+++ DATA SHOWN +++
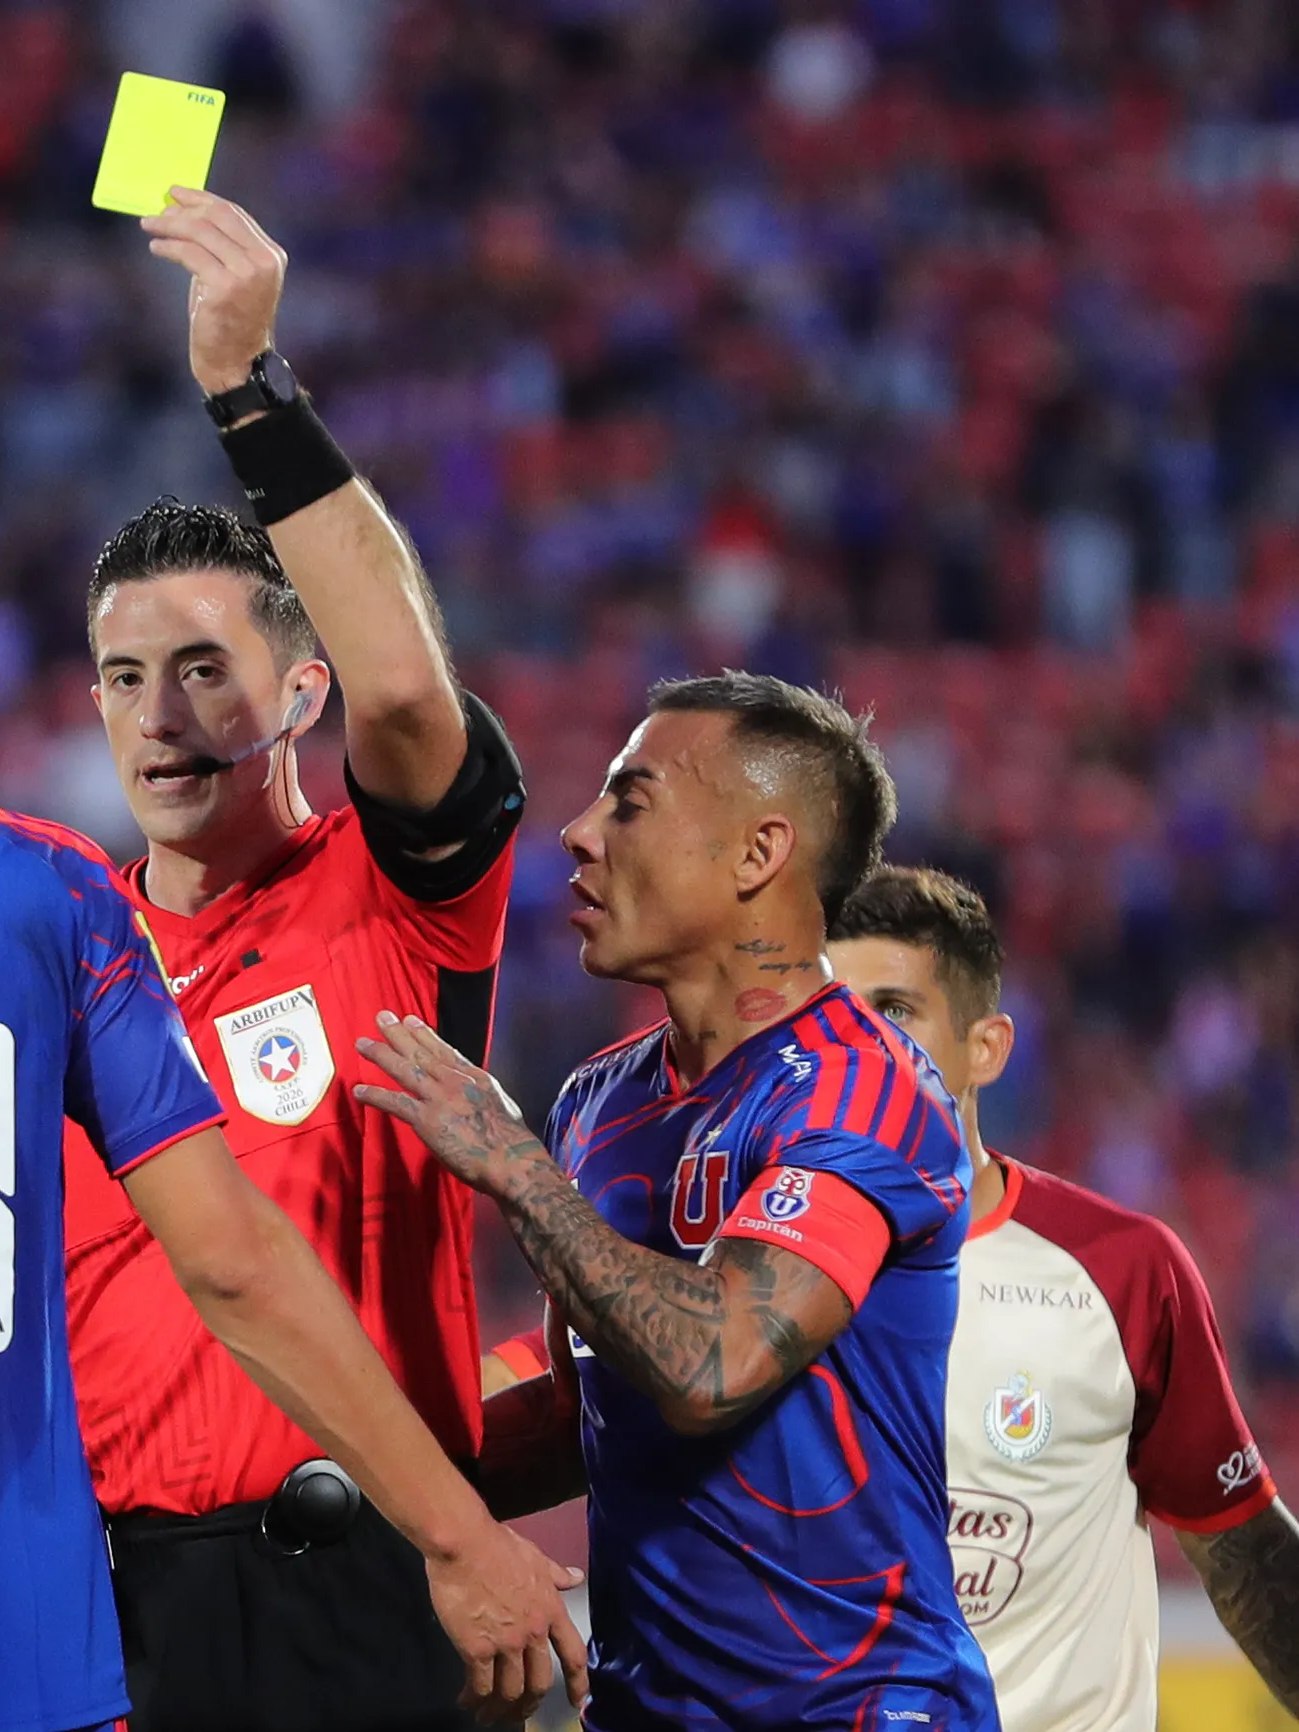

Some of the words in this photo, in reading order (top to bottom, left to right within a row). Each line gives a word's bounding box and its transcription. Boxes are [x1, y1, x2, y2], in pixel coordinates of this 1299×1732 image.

[187, 91, 216, 106] FIFA
[230, 995, 300, 1033] ARBIFUP
[274, 1099, 309, 1117] CHILE
[277, 1088, 304, 1106] 2026
[669, 1151, 729, 1249] U
[769, 1193, 797, 1216] U
[737, 1216, 804, 1243] Capitán
[979, 1281, 1093, 1310] NEWKAR
[947, 1498, 1013, 1539] tas
[954, 1556, 995, 1598] al
[959, 1601, 989, 1616] OM
+++
__EXERCISE__
Return the data verbatim, leaving out the pictures it holds.

__ANSWER SECTION__
Some of the words in this photo, in reading order (top to bottom, left to right within a row). Each line gives a word's bounding box and its transcription. Boxes are [x1, y1, x2, y2], in pixel coordinates of this 1299×1732 image.

[187, 91, 216, 106] FIFA
[230, 995, 300, 1033] ARBIFUP
[274, 1099, 309, 1117] CHILE
[277, 1088, 304, 1106] 2026
[669, 1151, 729, 1249] U
[769, 1193, 797, 1216] U
[737, 1216, 804, 1243] Capitán
[979, 1281, 1093, 1310] NEWKAR
[947, 1498, 1013, 1539] tas
[954, 1556, 995, 1598] al
[959, 1601, 989, 1616] OM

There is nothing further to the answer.